The mother of the young girl who died on a Dublin street due to an allergic reaction to peanuts has demanded answers as to why the pharmacist she approached to give her daughter a life saving injection refused to do so.

Caroline Sloan also said her daughter Emma’s last words before she collapsed were “I'm not going to make it.”

The family had been eating a Christmas meal in a Chinese restaurant on O’Connell Street when her daughter unknowingly tasted some sauce that had peanut extract in it.

They had forgotten to bring her EpiPen, which is an injection antidote in such circumstances.

She said her daughter’s toddler sister has been going around the house looking for her.

“Emma should be here with us now getting excited about Christmas, but instead we are putting her presents in a box. We'll never have Christmas again,” Caroline told the Irish Independent.

“Her little sister Mia will be two years old on the 28th, and she's going around hugging photographs of her and asking where she is. It's heartbreaking.”
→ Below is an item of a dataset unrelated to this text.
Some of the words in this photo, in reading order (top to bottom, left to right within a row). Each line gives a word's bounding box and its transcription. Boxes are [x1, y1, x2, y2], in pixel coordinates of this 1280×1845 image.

“We need answers to why this happened, to why Emma could not be given the EpiPen.

“When we left the pharmacy she told us her throat was closing and she couldn't breathe, and by the time we crossed the road at the traffic lights she was collapsed on the ground.
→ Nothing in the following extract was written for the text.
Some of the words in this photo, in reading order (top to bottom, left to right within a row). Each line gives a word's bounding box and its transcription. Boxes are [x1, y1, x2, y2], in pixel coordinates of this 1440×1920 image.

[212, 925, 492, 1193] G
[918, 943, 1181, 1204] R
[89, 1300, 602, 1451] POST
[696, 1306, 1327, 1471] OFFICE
“Nobody has knocked on our door yet to explain anything to us, not the gardai or the pharmacy or anybody. There hasn't been a word,” she added.

“I'd like to know why the pharmacist didn't give me the pen. I told him what was happening but he said I would have to go to A&E.

“Everyone tried to help Emma. As she fell to the ground she said ‘I'm not going to make it', and I knew she was gone.

“The ambulance people and the doctors worked on her, but I knew she was dead.